## Task directions
All records are to be restated word for word, with pictures excluded.

## Dataset excerpts
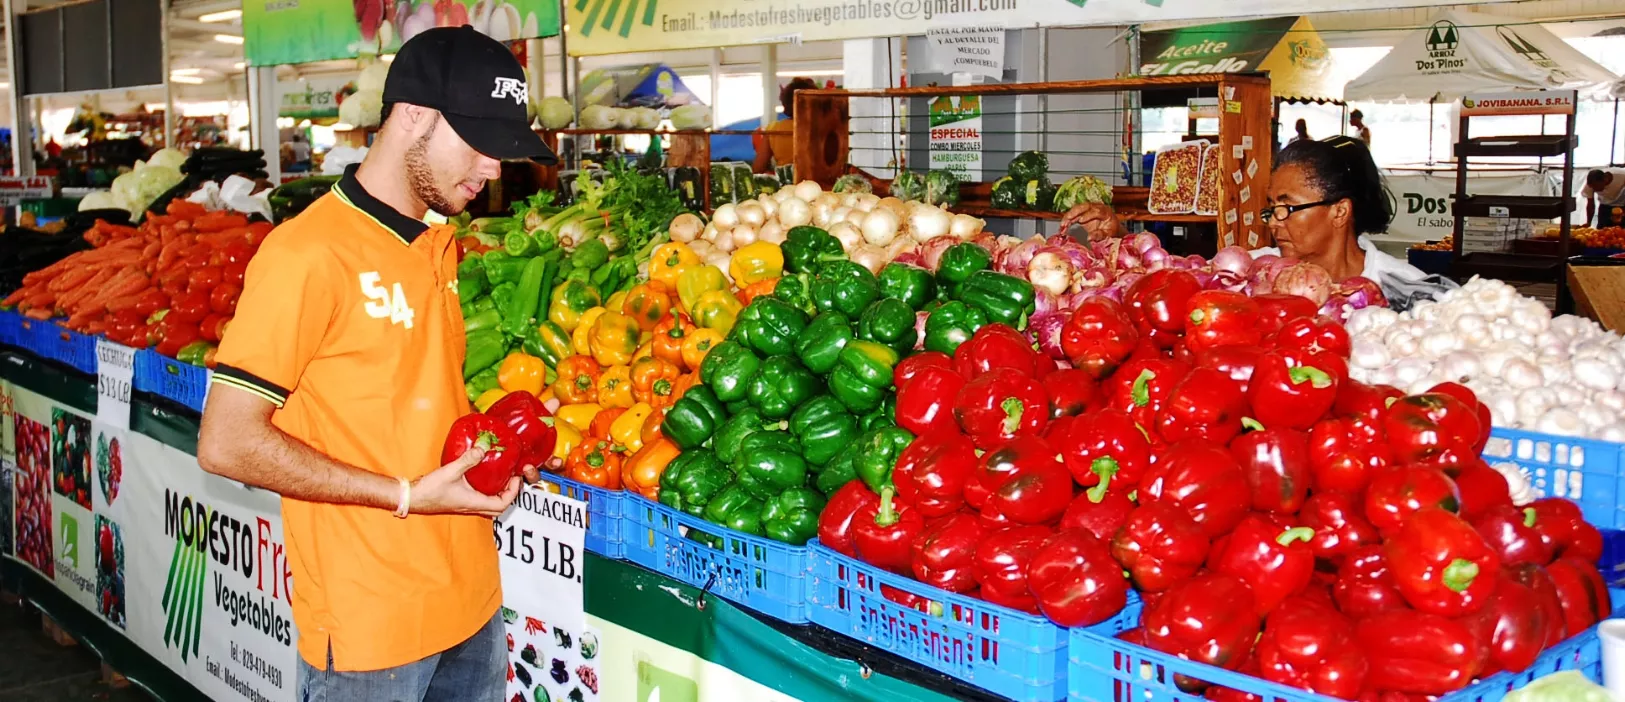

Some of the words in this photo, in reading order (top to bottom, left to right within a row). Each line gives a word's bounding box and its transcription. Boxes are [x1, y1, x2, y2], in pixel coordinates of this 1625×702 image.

[957, 46, 991, 55] MERCADO
[1156, 39, 1228, 59] Aceite
[1429, 49, 1455, 58] ARROZ
[1168, 57, 1248, 75] Gallo
[1415, 60, 1435, 70] Dos
[1435, 58, 1464, 69] Pinos
[931, 128, 979, 139] ESPECIAL
[930, 142, 949, 151] COMBO
[932, 153, 979, 162] HAMBURGUESA
[1403, 193, 1447, 214] Dos
[1417, 217, 1426, 227] El
[1429, 217, 1453, 228] sabo
[359, 271, 415, 329] 54
[165, 488, 253, 578] MODESTO
[492, 516, 535, 564] $15
[542, 536, 581, 583] LB.
[214, 570, 291, 647] Vegetables

## Output for this task
Some of the words in this photo, in reading order (top to bottom, left to right within a row). Each line gives a word's bounding box and its transcription. Boxes are [x1, y1, x2, y2], in pixel coordinates of this 1625×702 image.

[957, 46, 991, 55] MERCADO
[1156, 39, 1228, 59] Aceite
[1429, 49, 1455, 58] ARROZ
[1168, 57, 1248, 75] Gallo
[1415, 60, 1435, 70] Dos
[1435, 58, 1464, 69] Pinos
[931, 128, 979, 139] ESPECIAL
[930, 142, 949, 151] COMBO
[932, 153, 979, 162] HAMBURGUESA
[1403, 193, 1447, 214] Dos
[1417, 217, 1426, 227] El
[1429, 217, 1453, 228] sabo
[359, 271, 415, 329] 54
[165, 488, 253, 578] MODESTO
[492, 516, 535, 564] $15
[542, 536, 581, 583] LB.
[214, 570, 291, 647] Vegetables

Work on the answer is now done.